_Assigned task:_ An exact transcription of every record is needed.
- Opening Delimiter -
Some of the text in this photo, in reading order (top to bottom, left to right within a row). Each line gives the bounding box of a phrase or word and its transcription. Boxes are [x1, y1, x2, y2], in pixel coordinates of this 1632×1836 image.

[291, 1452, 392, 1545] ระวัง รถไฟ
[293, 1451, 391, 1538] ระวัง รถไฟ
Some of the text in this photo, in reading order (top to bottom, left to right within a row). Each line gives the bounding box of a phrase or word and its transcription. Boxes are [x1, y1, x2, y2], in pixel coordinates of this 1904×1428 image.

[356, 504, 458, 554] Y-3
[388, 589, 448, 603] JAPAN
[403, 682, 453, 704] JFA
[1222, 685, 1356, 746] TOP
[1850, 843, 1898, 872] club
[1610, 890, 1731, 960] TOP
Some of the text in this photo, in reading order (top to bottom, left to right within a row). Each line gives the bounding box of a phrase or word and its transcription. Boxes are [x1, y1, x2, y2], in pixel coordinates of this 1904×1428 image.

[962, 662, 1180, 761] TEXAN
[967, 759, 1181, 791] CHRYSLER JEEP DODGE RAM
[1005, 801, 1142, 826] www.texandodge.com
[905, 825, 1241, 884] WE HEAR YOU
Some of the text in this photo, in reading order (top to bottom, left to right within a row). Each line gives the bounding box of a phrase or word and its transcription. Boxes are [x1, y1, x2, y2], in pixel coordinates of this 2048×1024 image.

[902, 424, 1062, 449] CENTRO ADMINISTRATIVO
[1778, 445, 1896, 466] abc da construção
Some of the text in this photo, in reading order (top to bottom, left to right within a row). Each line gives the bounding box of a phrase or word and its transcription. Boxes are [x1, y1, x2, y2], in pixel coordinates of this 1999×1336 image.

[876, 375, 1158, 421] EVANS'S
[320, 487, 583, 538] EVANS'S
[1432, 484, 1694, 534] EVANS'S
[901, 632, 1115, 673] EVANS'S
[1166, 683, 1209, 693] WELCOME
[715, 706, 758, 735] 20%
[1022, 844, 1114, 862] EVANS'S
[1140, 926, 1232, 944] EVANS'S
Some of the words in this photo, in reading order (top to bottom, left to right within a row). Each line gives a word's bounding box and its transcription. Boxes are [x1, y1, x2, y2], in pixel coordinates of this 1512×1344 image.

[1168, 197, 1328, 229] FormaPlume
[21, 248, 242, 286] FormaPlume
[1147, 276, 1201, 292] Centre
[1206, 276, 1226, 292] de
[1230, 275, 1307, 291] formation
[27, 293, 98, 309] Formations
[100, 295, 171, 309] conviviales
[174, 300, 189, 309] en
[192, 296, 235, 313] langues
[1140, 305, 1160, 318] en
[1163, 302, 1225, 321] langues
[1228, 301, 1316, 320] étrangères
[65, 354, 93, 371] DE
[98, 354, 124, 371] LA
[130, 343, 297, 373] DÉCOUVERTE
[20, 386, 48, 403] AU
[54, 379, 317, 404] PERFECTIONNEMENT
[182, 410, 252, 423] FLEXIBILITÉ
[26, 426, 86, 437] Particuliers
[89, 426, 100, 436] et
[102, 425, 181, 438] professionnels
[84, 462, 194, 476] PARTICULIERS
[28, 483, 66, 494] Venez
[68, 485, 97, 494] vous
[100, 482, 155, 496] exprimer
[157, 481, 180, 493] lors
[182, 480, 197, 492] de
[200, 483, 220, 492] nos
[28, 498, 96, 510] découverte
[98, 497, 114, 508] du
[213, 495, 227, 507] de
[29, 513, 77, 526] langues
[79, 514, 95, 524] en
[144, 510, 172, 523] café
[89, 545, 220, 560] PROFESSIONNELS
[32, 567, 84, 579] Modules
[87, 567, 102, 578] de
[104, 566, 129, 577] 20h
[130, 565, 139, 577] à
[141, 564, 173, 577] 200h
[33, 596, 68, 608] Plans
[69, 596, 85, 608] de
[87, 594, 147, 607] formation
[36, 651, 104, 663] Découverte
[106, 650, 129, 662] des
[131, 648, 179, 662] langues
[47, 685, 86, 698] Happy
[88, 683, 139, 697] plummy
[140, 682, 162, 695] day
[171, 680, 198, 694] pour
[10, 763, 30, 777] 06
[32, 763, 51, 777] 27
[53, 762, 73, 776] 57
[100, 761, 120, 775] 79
- Closing Delimiter -
_Result of this exercise:_
Some of the text in this photo, in reading order (top to bottom, left to right within a row). Each line gives the bounding box of a phrase or word and its transcription. Boxes are [x1, y1, x2, y2], in pixel coordinates of this 1632×1836 image.

[291, 1452, 392, 1545] ระวัง รถไฟ
[293, 1451, 391, 1538] ระวัง รถไฟ
Some of the text in this photo, in reading order (top to bottom, left to right within a row). Each line gives the bounding box of a phrase or word and its transcription. Boxes are [x1, y1, x2, y2], in pixel coordinates of this 1904×1428 image.

[356, 504, 458, 554] Y-3
[388, 589, 448, 603] JAPAN
[403, 682, 453, 704] JFA
[1222, 685, 1356, 746] TOP
[1850, 843, 1898, 872] club
[1610, 890, 1731, 960] TOP
Some of the text in this photo, in reading order (top to bottom, left to right within a row). Each line gives the bounding box of a phrase or word and its transcription. Boxes are [x1, y1, x2, y2], in pixel coordinates of this 1904×1428 image.

[962, 662, 1180, 761] TEXAN
[967, 759, 1181, 791] CHRYSLER JEEP DODGE RAM
[1005, 801, 1142, 826] www.texandodge.com
[905, 825, 1241, 884] WE HEAR YOU
Some of the text in this photo, in reading order (top to bottom, left to right within a row). Each line gives the bounding box of a phrase or word and its transcription. Boxes are [x1, y1, x2, y2], in pixel coordinates of this 2048×1024 image.

[902, 424, 1062, 449] CENTRO ADMINISTRATIVO
[1778, 445, 1896, 466] abc da construção
Some of the text in this photo, in reading order (top to bottom, left to right within a row). Each line gives the bounding box of a phrase or word and its transcription. Boxes are [x1, y1, x2, y2], in pixel coordinates of this 1999×1336 image.

[876, 375, 1158, 421] EVANS'S
[320, 487, 583, 538] EVANS'S
[1432, 484, 1694, 534] EVANS'S
[901, 632, 1115, 673] EVANS'S
[1166, 683, 1209, 693] WELCOME
[715, 706, 758, 735] 20%
[1022, 844, 1114, 862] EVANS'S
[1140, 926, 1232, 944] EVANS'S
Some of the words in this photo, in reading order (top to bottom, left to right within a row). Each line gives a word's bounding box and its transcription. Boxes are [x1, y1, x2, y2], in pixel coordinates of this 1512×1344 image.

[1168, 197, 1328, 229] FormaPlume
[21, 248, 242, 286] FormaPlume
[1147, 276, 1201, 292] Centre
[1206, 276, 1226, 292] de
[1230, 275, 1307, 291] formation
[27, 293, 98, 309] Formations
[100, 295, 171, 309] conviviales
[174, 300, 189, 309] en
[192, 296, 235, 313] langues
[1140, 305, 1160, 318] en
[1163, 302, 1225, 321] langues
[1228, 301, 1316, 320] étrangères
[65, 354, 93, 371] DE
[98, 354, 124, 371] LA
[130, 343, 297, 373] DÉCOUVERTE
[20, 386, 48, 403] AU
[54, 379, 317, 404] PERFECTIONNEMENT
[182, 410, 252, 423] FLEXIBILITÉ
[26, 426, 86, 437] Particuliers
[89, 426, 100, 436] et
[102, 425, 181, 438] professionnels
[84, 462, 194, 476] PARTICULIERS
[28, 483, 66, 494] Venez
[68, 485, 97, 494] vous
[100, 482, 155, 496] exprimer
[157, 481, 180, 493] lors
[182, 480, 197, 492] de
[200, 483, 220, 492] nos
[28, 498, 96, 510] découverte
[98, 497, 114, 508] du
[213, 495, 227, 507] de
[29, 513, 77, 526] langues
[79, 514, 95, 524] en
[144, 510, 172, 523] café
[89, 545, 220, 560] PROFESSIONNELS
[32, 567, 84, 579] Modules
[87, 567, 102, 578] de
[104, 566, 129, 577] 20h
[130, 565, 139, 577] à
[141, 564, 173, 577] 200h
[33, 596, 68, 608] Plans
[69, 596, 85, 608] de
[87, 594, 147, 607] formation
[36, 651, 104, 663] Découverte
[106, 650, 129, 662] des
[131, 648, 179, 662] langues
[47, 685, 86, 698] Happy
[88, 683, 139, 697] plummy
[140, 682, 162, 695] day
[171, 680, 198, 694] pour
[10, 763, 30, 777] 06
[32, 763, 51, 777] 27
[53, 762, 73, 776] 57
[100, 761, 120, 775] 79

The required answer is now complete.